US7133824B2

US7133824B2 - Noise reduction method

Info

Publication number: US7133824B2
Application number: US10/067,274
Authority: US
Inventors: Kuo-Guan Wu; Po-Cheung Chen
Original assignee: Industrial Technology Research Institute ITRI
Current assignee: Industrial Technology Research Institute ITRI
Priority date: 2001-09-28
Filing date: 2002-02-07
Publication date: 2006-11-07
Also published as: US20030078772A1; TW533406B

Abstract

A noise reduction method partitions frequency band into multiple sub-bands and estimates the signal-to-noise ratio (SNR) value for each sub-band. An over-subtraction factor of each sub-band is determined based on the estimated SNR value. Then, the clean speech spectrum estimate is determined by performing spectral over-subtraction on each sub-band, so as to determine the clean speech signal from the estimated clean speech spectrum.

Description

BACKGROUND OF THE INVENTION

1. Field of the Invention

The present invention relates to a noise reduction method and, more particularly, to a method using spectral subtraction to reduce noise.

2. Description of Related Art

The spectral subtraction method has been proven effective in enhancing speech degraded by additive noise. It is simple to implement, hence is suitable as the pre-processing scheme for speech coding and recognition applications. This method subtracts the noise spectrum estimate from the noisy speech spectrum to estimate the speech magnitude spectrum, so as to obtain the clean speech signals.

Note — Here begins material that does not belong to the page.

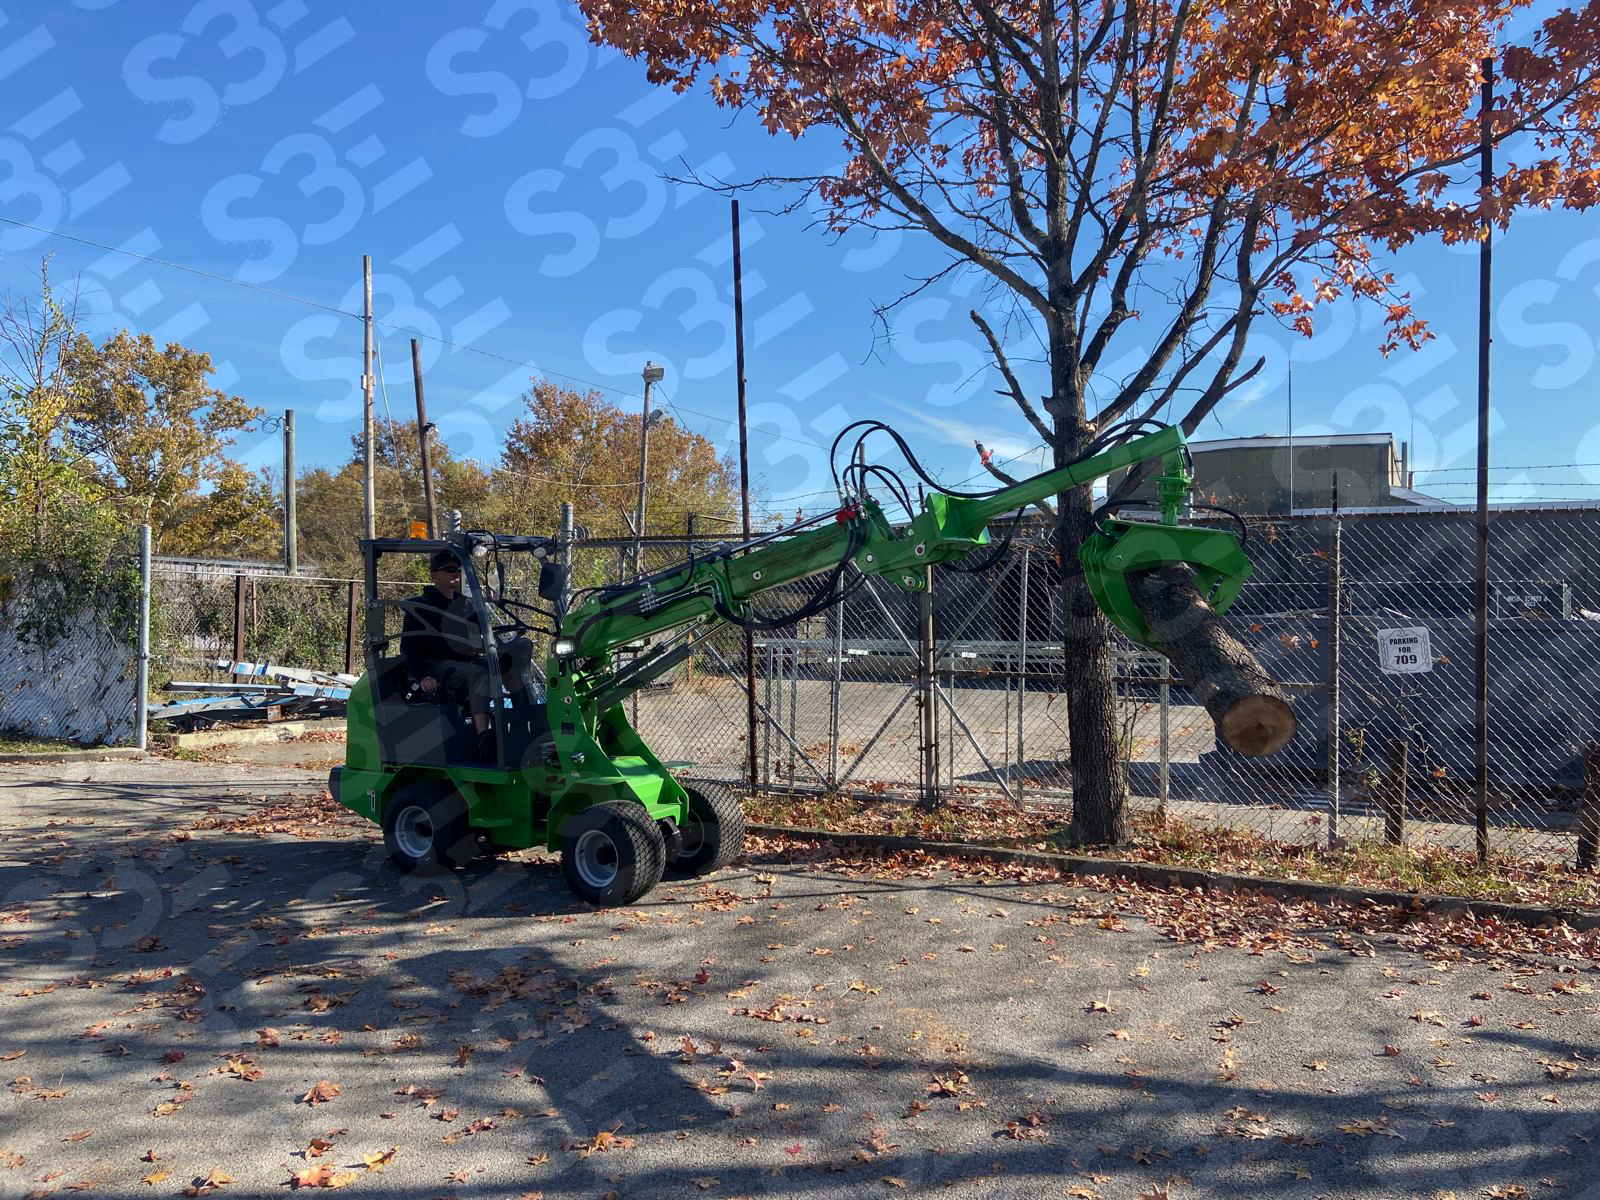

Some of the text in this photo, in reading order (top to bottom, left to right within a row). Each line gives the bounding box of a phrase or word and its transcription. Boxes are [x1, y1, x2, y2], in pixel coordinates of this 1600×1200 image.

[1389, 637, 1419, 645] PARKING
[1398, 646, 1412, 654] FOR
[1394, 654, 1418, 665] 709

FIG. 1 shows the flowchart of the aforementioned spectral subtraction method, wherein the input noisy speech is divided into a plurality of continuous frames, and each frame is represented by an additive noise model:
y _r(k)=s _r(k)+w _r(k),
where y_r(k), s_r(k) and w_r(k) denote respectively the k-th noisy speech, clean speech, and noise sample of the r-th frame. Taking the fast Fourier transform of the noisy speech frame y_r(k) (step S101), the noisy speech spectrum of the r-th frame at the k-th frequency component is obtained and denoted as |Y_r(k)|². In addition, the noisy speech y_r(k) is also applied in a silence detection process (step S102) and a noise spectrum estimation process (step S103) to estimate a noise spectrum, denoted as |W_r(k)|². After performing a spectral subtraction process (step S104), the energy spectrum of clean speech is obtained as follows:
|Ŝ _r(k)|² =|Y _r(k)|² −|W _r(k)|². (1)

If the phase spectrum of the clean speech can be approximated by the phase spectrum of the noisy speech, the estimate of clean speech ŝ_r(k) can be obtained by taking the inverse fast Fourier transform of |Ŝ_r(k)|².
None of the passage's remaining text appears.